▶ [Instructions to follow]: Could you repeat the entries below exactly, but only from the line with "this 1620×1080 image." through the line with "Some of the words", and without any picture?
[Available records Boundary: Start]
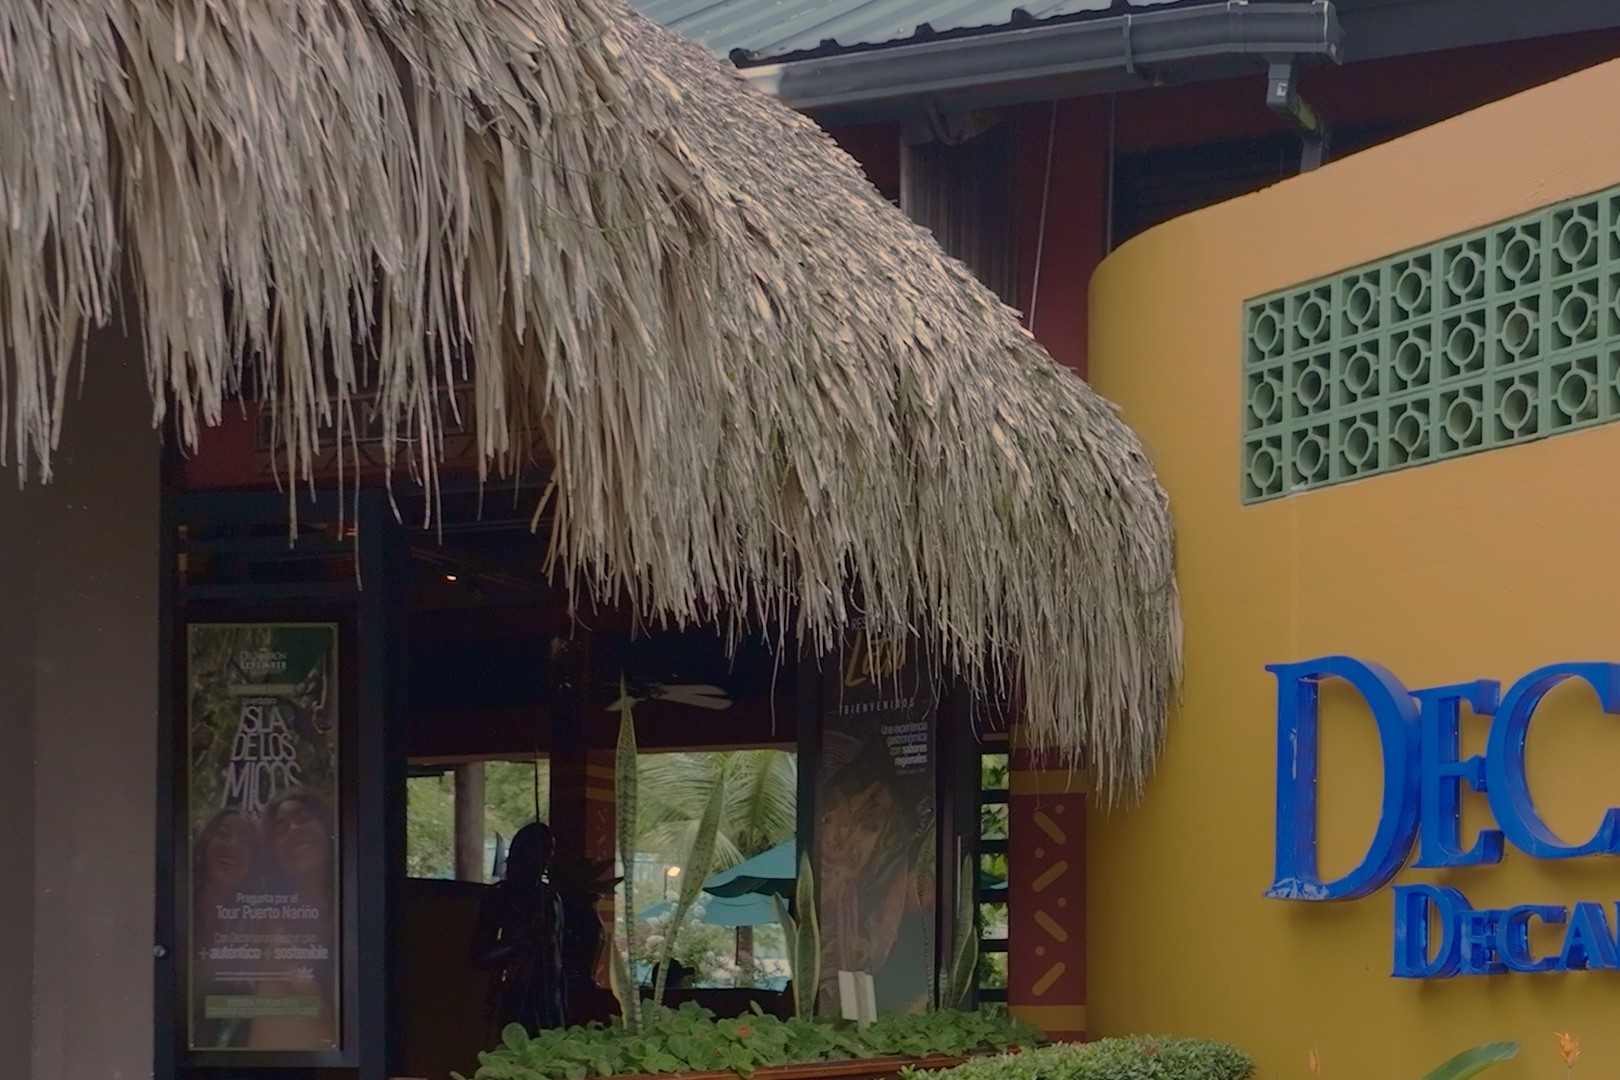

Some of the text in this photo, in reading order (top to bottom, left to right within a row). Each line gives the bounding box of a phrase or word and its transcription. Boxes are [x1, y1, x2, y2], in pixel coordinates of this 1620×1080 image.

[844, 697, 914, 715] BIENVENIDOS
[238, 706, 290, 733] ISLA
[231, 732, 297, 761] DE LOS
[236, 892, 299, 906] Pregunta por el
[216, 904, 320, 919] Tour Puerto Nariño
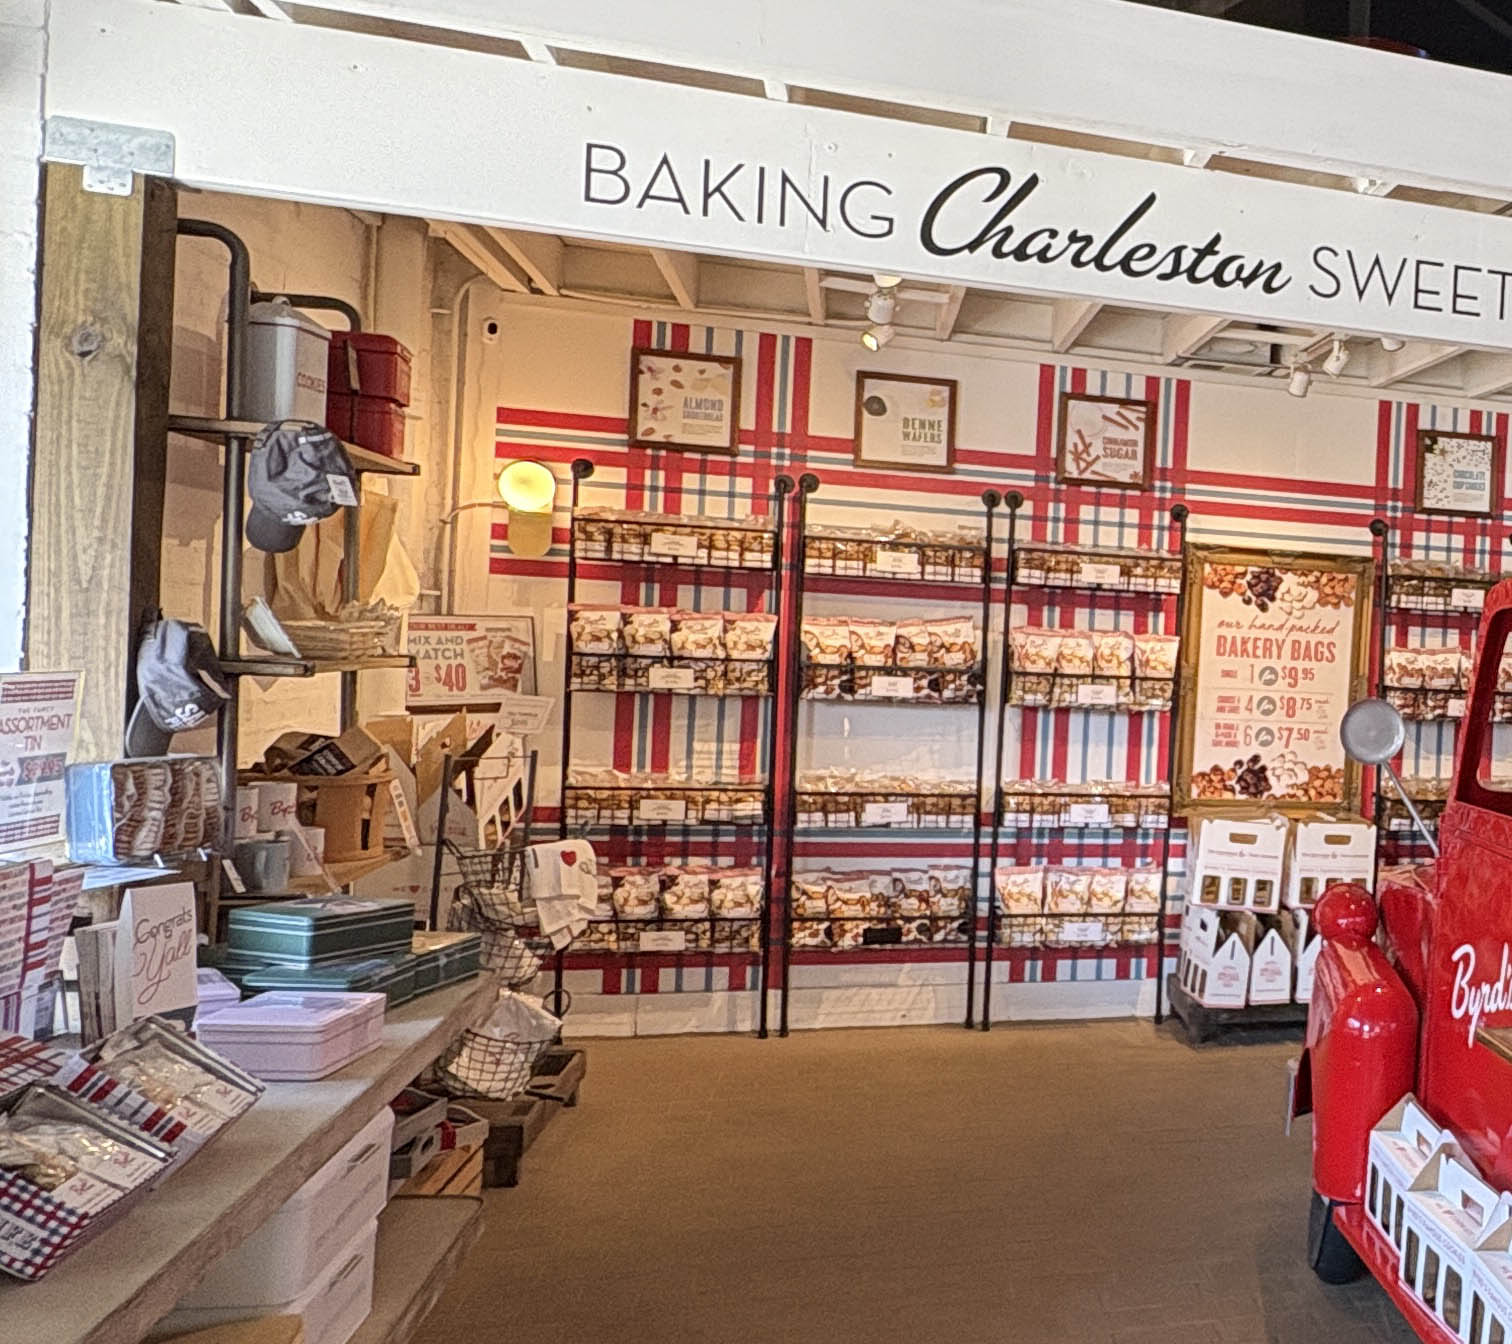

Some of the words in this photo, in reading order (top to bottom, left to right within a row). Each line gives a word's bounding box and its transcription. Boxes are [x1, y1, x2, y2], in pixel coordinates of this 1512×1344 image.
[Available records Boundary: End]
[Available records Boundary: Start]
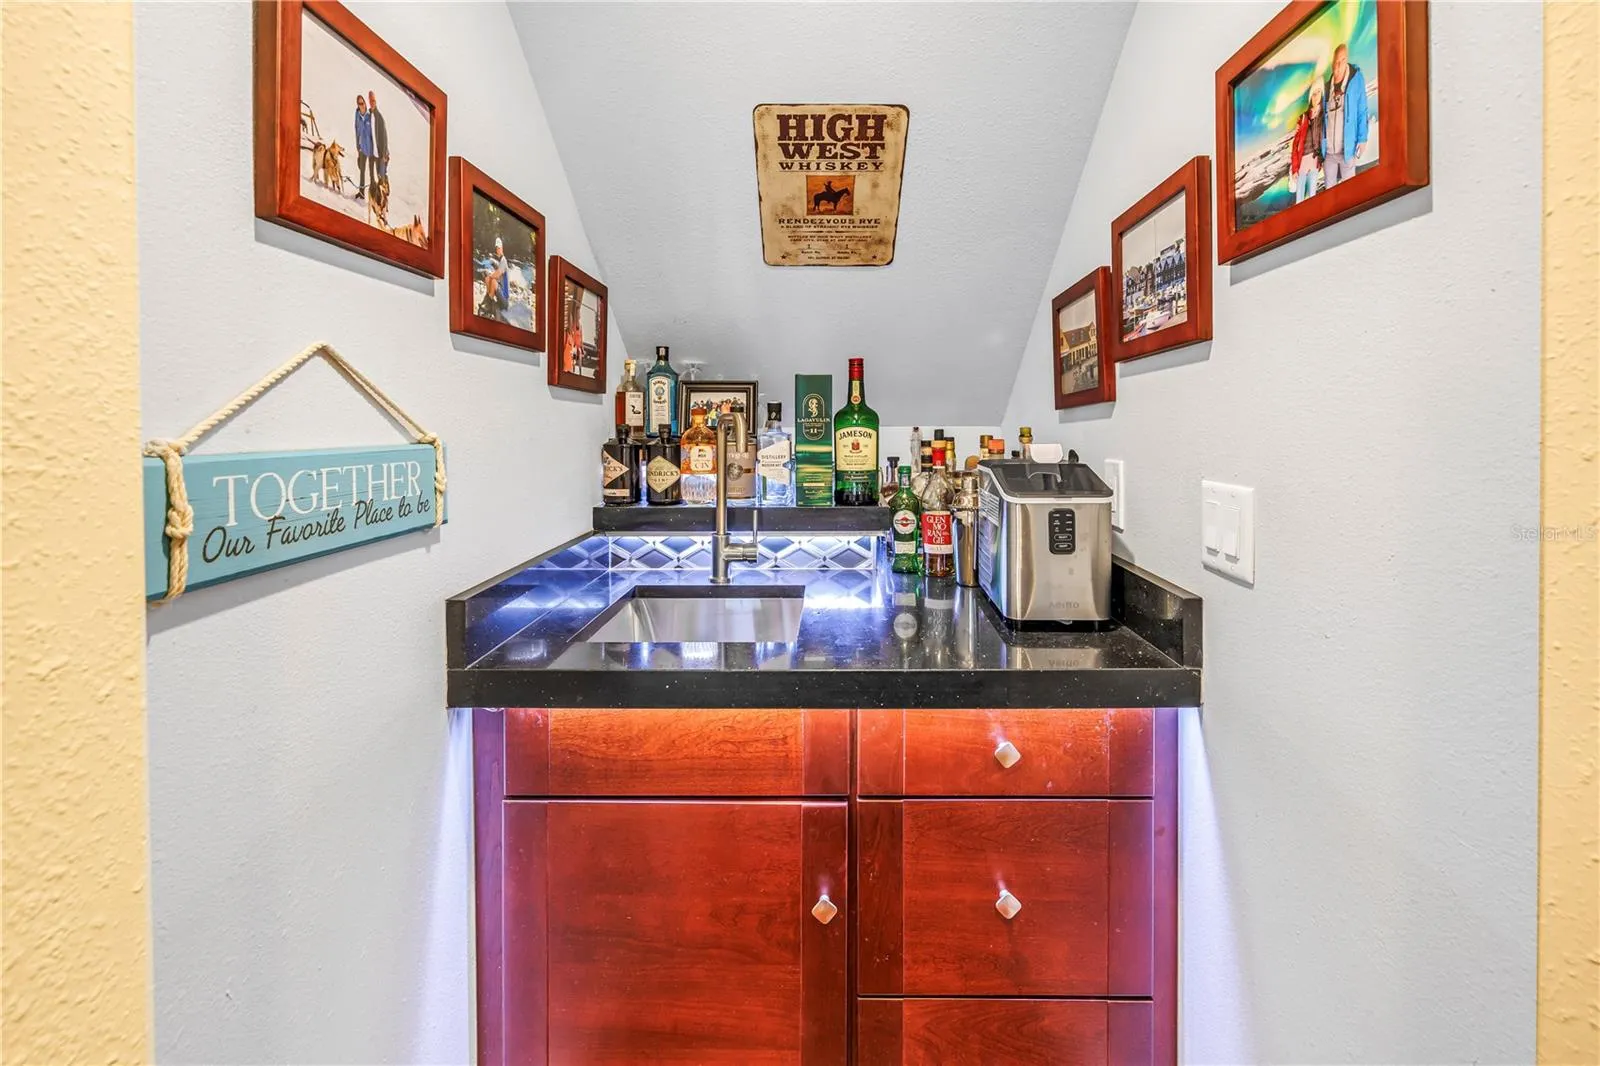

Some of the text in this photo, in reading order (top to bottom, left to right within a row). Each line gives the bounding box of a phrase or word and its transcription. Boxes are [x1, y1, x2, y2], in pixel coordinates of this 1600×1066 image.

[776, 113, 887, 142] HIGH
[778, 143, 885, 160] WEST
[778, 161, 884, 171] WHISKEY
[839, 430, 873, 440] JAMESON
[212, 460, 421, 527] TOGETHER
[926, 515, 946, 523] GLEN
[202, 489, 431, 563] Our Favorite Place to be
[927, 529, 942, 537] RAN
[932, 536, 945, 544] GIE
[Available records Boundary: End]
[Available records Boundary: Start]
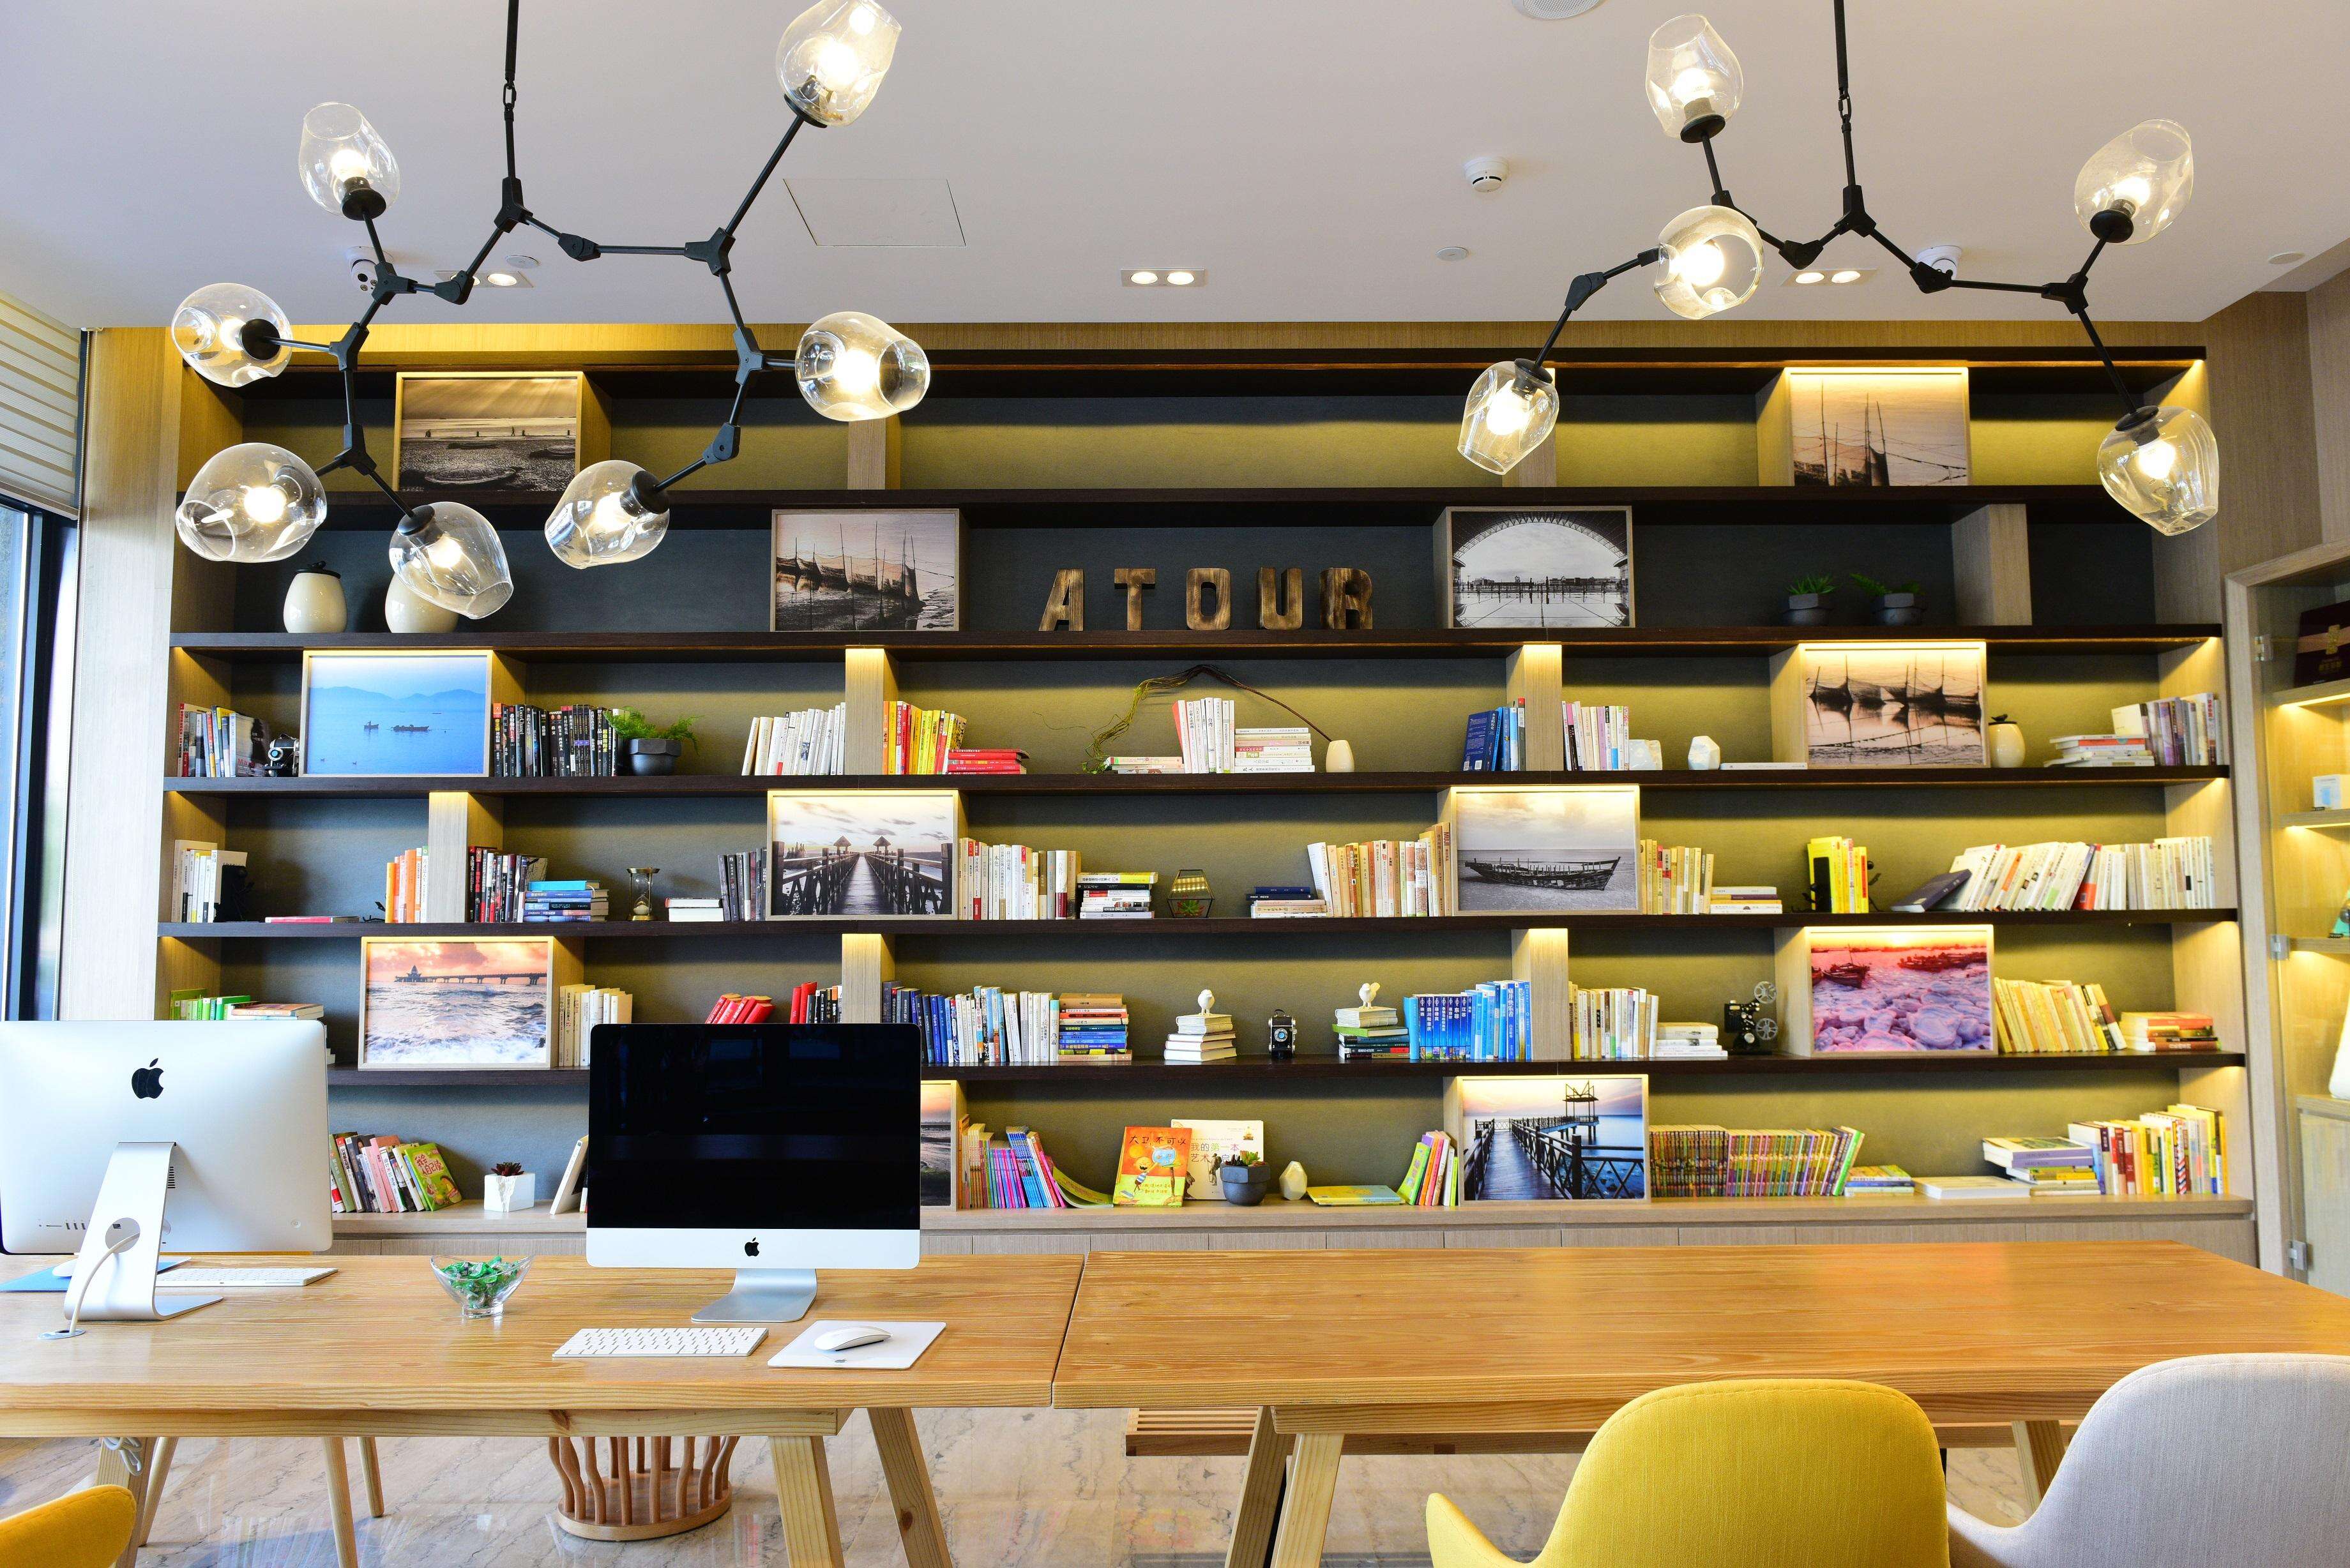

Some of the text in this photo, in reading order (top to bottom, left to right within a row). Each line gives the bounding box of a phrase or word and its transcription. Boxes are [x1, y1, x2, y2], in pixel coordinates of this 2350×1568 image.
[Available records Boundary: End]
▶ [Result]:
Some of the text in this photo, in reading order (top to bottom, left to right within a row). Each line gives the bounding box of a phrase or word and its transcription. Boxes are [x1, y1, x2, y2], in pixel coordinates of this 1620×1080 image.

[844, 697, 914, 715] BIENVENIDOS
[238, 706, 290, 733] ISLA
[231, 732, 297, 761] DE LOS
[236, 892, 299, 906] Pregunta por el
[216, 904, 320, 919] Tour Puerto Nariño

Some of the words in this photo, in reading order (top to bottom, left to right within a row). Each line gives a word's bounding box and its transcription. Boxes are [x1, y1, x2, y2], in pixel coordinates of this 1512×1344 image.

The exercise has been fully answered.